Omega-3 fatty acids may also help prevent other eye diseases. A
study in middle-aged and elderly people with diabetes found
that taking at least 500 mg of long-chain omega-3 fatty acids
daily may reduce the risk of diabetic retinopathy (23).

In contrast, omega-3 fatty acids are not an effective treatment
for age-related macular degeneration (24).

The best dietary source of EPA and DHA is oily fish.
Additionally, omega-3 supplements derived from fish or
microalgae are widely available.

Bottom Line: Getting adequate amounts of the
long-chain omega-3 fatty acids EPA and DHA from oily fish or
supplements may reduce the risk of several eye diseases,
especially dry eye disease.

5. Gamma-Linolenic Acid

Evening Primrose Oil

Gamma-linolenic acid is an omega-6 fatty
acid found in small amounts in the diet.

Unlike many other omega-6 fatty acids, gamma-linolenic acid
appears to have anti-inflammatory
properties (25, 26).

The richest sources of gamma-linolenic acid are evening
primrose oil and starflower oil.

Some evidence suggests that taking evening primrose oil may
reduce the symptoms of dry eye disease.

One randomized controlled study gave women with dry eyes a
daily dose of evening primrose oil that provided 300 mg of
gamma-linolenic acid. The study found that their symptoms
improved over a six-month period (27).

Bottom Line: Gamma-linolenic acid, which is
found in high amounts in evening primrose oil, may reduce the
symptoms of dry eye disease.

6. Vitamin C

Red Bell Peppers

The eyes require high amounts of antioxidants — more so than
many other organs.

The antioxidant
vitamin C
appears to be especially important, although
controlled studies on its role in eye health are lacking.

The concentration of vitamin C is higher in the aqueous humor of the eye than in any other body
fluid.
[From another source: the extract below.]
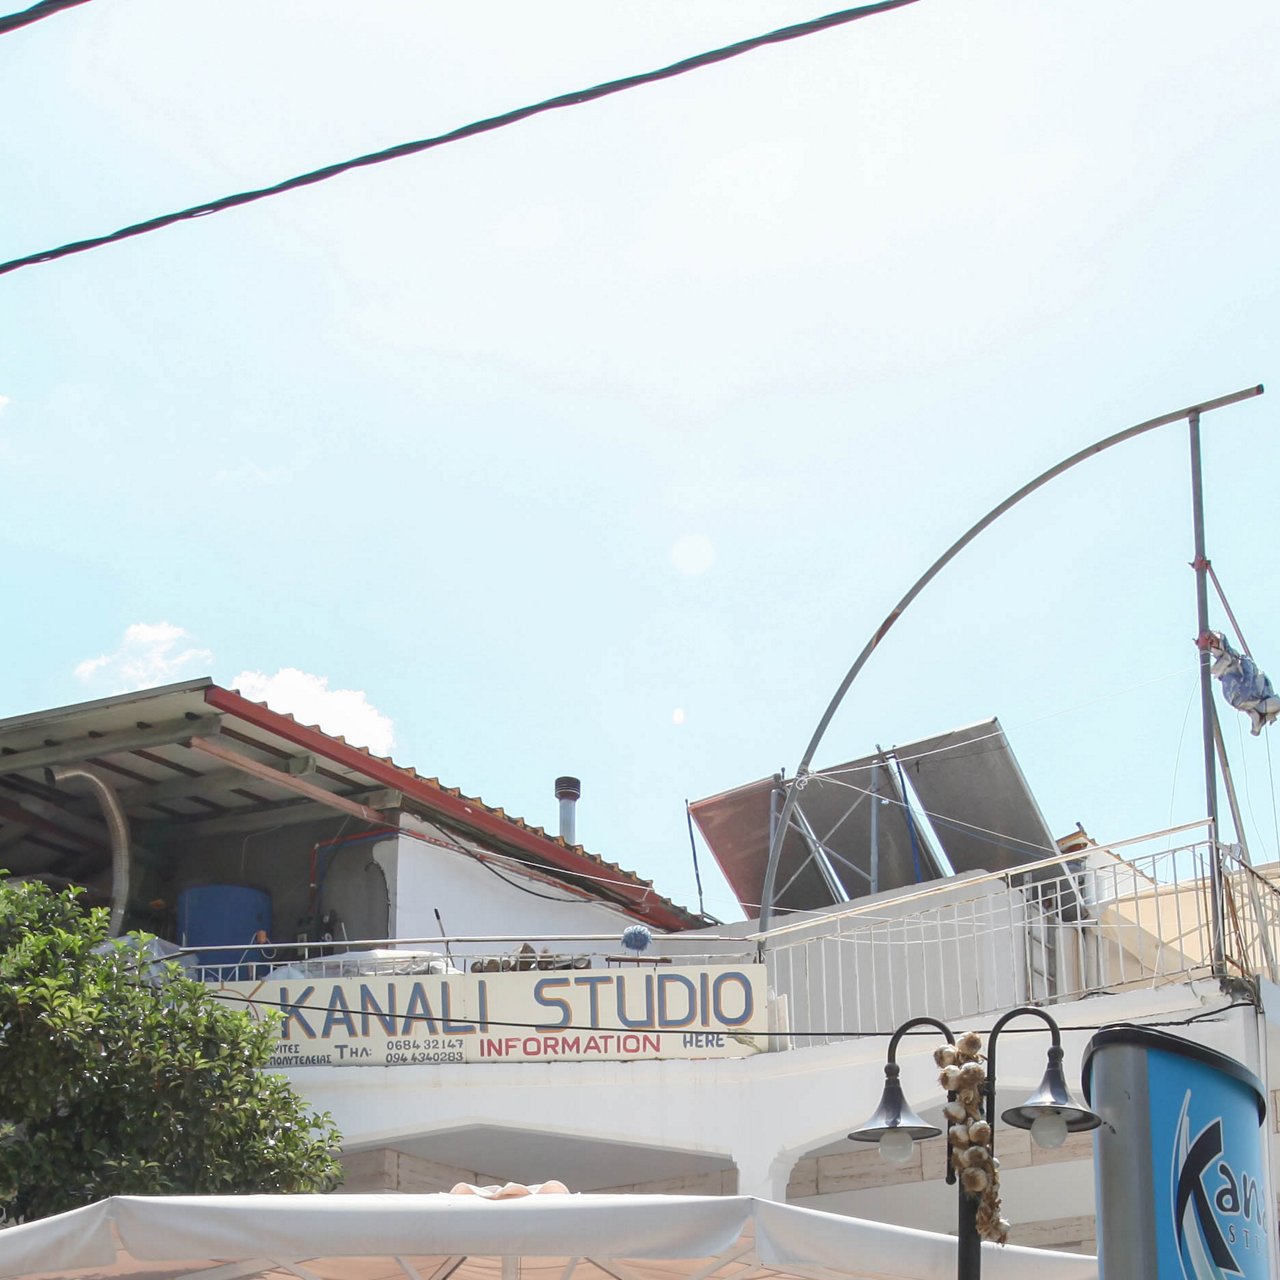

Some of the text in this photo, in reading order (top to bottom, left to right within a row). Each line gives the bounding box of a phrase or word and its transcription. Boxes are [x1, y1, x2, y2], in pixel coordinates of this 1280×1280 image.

[279, 971, 754, 1041] KANALI STUDIO
[479, 1032, 726, 1058] INFORMATION HERE
[1175, 1115, 1268, 1279] Kan
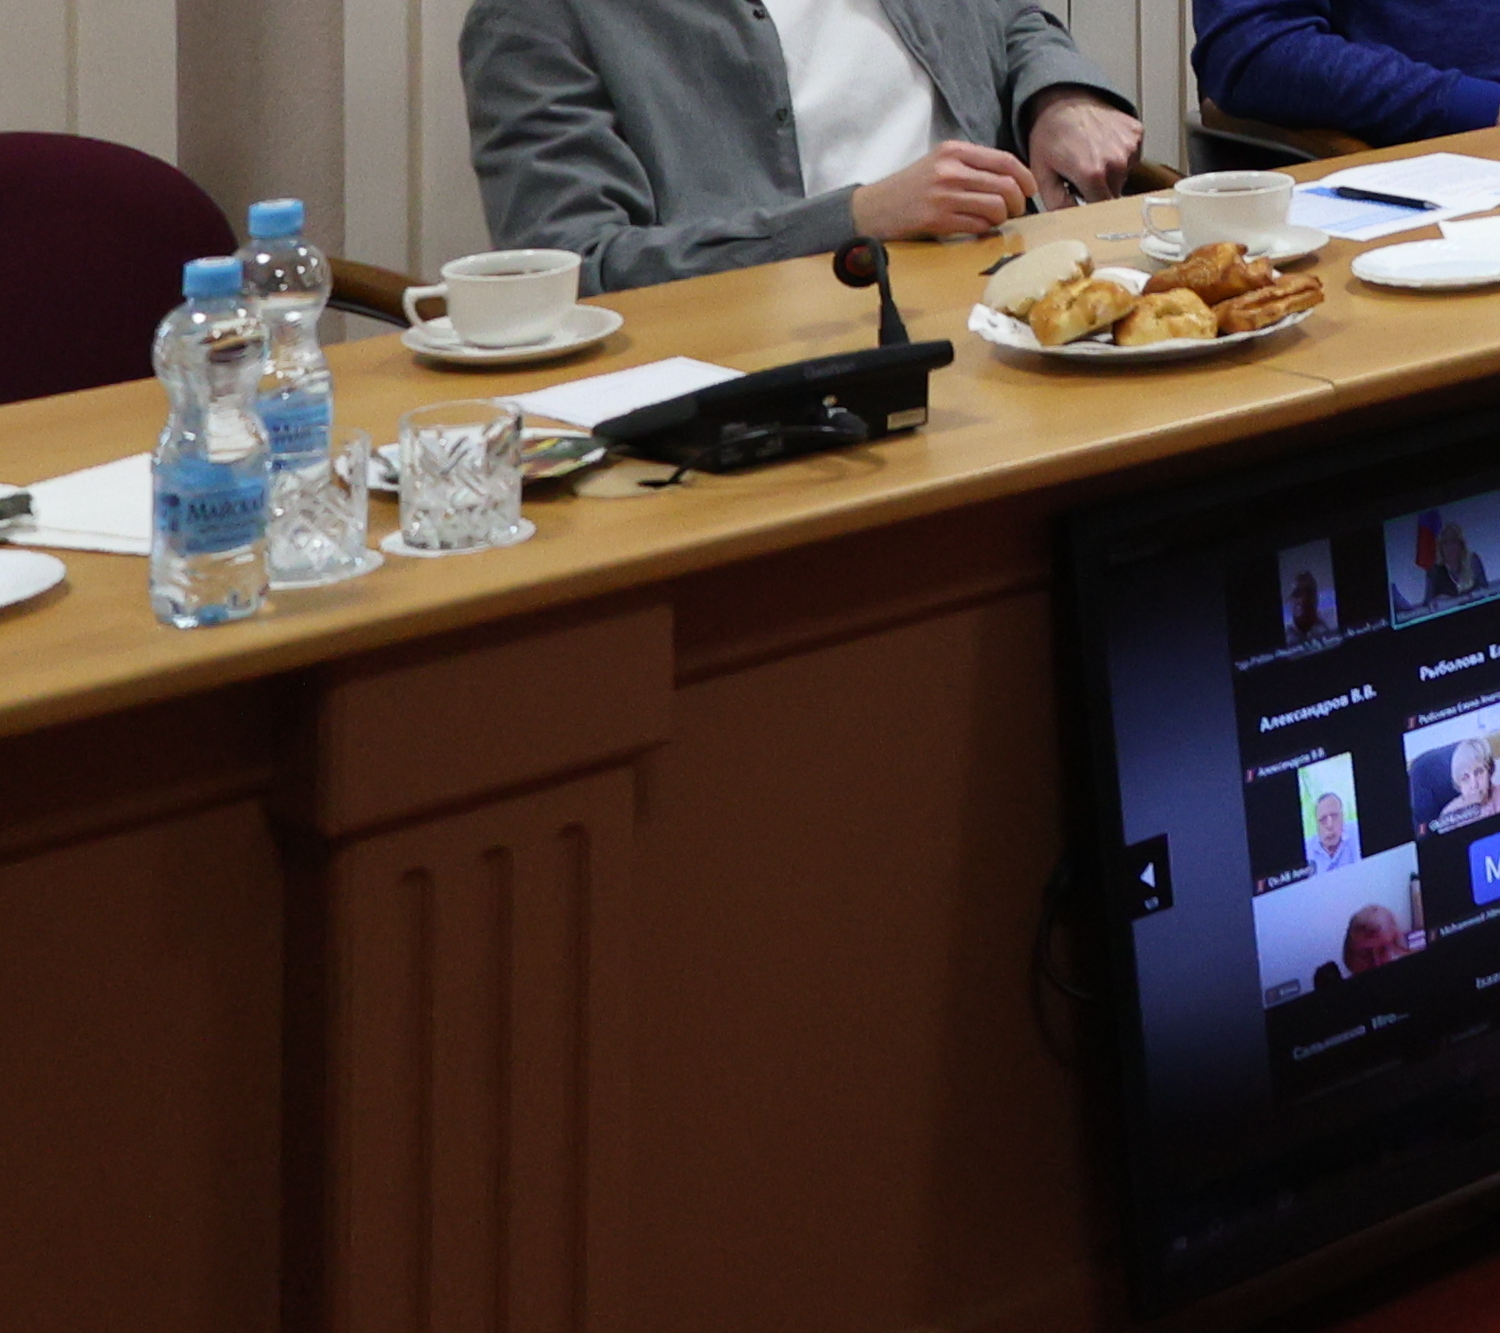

The aqueous humor is the liquid that fills the outermost
part of the eye.

The levels of vitamin C in the aqueous humor are directly
proportional to its dietary intake. In other words, you can
increase its concentration by taking supplements or eating
foods rich in vitamin C (28, 29).

Observational studies show that people with cataracts tend to
have a low antioxidant status. They’ve also found that people
who take vitamin C supplements are less likely to get cataracts
(30, 31).

Vitamin C appears to play a protective role in the eyes, but it
is unclear if vitamin C supplements provide added benefits for
those who aren’t deficient.

High amounts of vitamin C are found in many fruits and
vegetables, including bell peppers, citrus fruits, guavas,
kale and broccoli (32).

Bottom Line: Vitamin C is an important
antioxidant, and getting enough vitamin C may protect against
cataracts.

7. Vitamin E

Almonds With and Without Skin

Vitamin E is a group of fat-soluble antioxidants that protect
fatty acids from harmful oxidation.

Since the retina is highly concentrated in fatty acids,
adequate vitamin E intake is important for optimal eye health
(18).

Although severe vitamin E deficiency may lead to retinal
degeneration and blindness, it is unclear whether supplements
provide any additional benefits if you are already getting
enough from your diet (33, 34).

A meta-analysis of observational studies suggests that
consuming more than 7 mg of vitamin E daily may reduce the risk
of age-related cataracts by 6% (35).

In contrast, randomized controlled studies indicate that
vitamin E supplements do not slow or prevent the progression of
cataracts (36).

The best dietary sources of vitamin E include almonds,
sunflower seeds and vegetable oils, such as flaxseed oil
(37).

Bottom Line: Vitamin E deficiency may lead
to visual degeneration and blindness. For those who aren’t
deficient, supplements probably won’t provide added benefit.

8. Zinc

Oysters in a Circle

The eyes contain high levels of zinc (38).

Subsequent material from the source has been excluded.